Ce sage édit n’est pas encore exécuté à la Martinique ; le procureur-général seul est choisi parmi les magistrats de la métropole ; mais que peut un seul homme contre l’esprit colonial ? Il arrive toujours avec les meilleures intentions, mais bientôt il est circonvenu ou subjugué par son intérêt[1] ; car s’il résiste, il est révoqué ou embarqué[2].

Si les gouverneurs n’ont pu garder leur indépendance, il en doit être, à plus forte raison, de même des procureurs-généraux.
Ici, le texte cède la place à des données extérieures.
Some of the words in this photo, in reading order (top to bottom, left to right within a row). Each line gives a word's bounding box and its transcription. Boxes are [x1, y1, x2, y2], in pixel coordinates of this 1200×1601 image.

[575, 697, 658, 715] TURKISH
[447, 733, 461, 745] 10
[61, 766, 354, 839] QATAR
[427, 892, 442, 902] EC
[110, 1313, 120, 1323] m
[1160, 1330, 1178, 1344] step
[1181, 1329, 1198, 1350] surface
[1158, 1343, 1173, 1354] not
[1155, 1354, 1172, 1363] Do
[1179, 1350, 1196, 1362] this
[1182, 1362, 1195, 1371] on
C’est pour se soustraire à cette influence coloniale, et pour reconnaître les besoins des colonies, qu’il est passé en principe de renouveler fréquemment les fonctionnaires supérieurs et les magistrats.
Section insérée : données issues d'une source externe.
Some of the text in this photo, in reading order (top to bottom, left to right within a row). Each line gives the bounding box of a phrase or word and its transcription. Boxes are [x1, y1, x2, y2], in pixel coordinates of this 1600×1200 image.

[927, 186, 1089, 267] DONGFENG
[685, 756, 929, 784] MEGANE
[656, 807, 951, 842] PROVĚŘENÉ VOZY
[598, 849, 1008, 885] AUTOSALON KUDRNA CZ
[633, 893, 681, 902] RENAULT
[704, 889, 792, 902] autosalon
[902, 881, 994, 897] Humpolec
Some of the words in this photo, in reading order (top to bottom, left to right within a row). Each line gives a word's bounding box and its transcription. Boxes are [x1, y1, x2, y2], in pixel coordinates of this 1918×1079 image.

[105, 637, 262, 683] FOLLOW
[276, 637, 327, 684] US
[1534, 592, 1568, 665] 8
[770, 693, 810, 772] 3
La justice rendue par des Tribunaux ainsi constitués, ne peut être que partiale[3], et l’on peut dire

  1. Un magistrat envoyé d’Europe pour exercer, dans la ville de Saint-Pierre (Martinique), arriva dans cette colonie avec les meilleures dispositions et les principes d’équité qui caractérisent le véritable magistrat. Il fit respecter la justice, et il s’était attiré par sa fermeté les bénédictions de tous. La justice se rendait comme en Europe. Les colons se liguèrent contre lui, et firent plusieurs sorties indécentes. Il sentit qu’il ne pourrait résister longtemps ; voici en quels termes un jeune créole rendait compte de sa conversion à son oncle, ancien avocat aujourd’hui à Paris : « Je vous apprends, cher oncle, que nous avons enfin réussi à convertir au système colonial notre procureur du roi ; il est aujourd’hui comme il faut être ; nous lui faisons épouser une créole ; le voilà, en un mot, colon, quoiqu’il le soit déjà dans toute la force du terme. »
  2. Le 10 mai 1714, un procureur-général a protesté, avant son embarquement, contre la cabale formée contre lui, au sein du conseil, disant qu’il en référerait au roi.
  3. Relativement aux esclaves, un arrêt du conseil supérieur, du 20 octobre 1670, a condamné un nègre à avoir la jambe couplée pour avoir tué un bourriquet.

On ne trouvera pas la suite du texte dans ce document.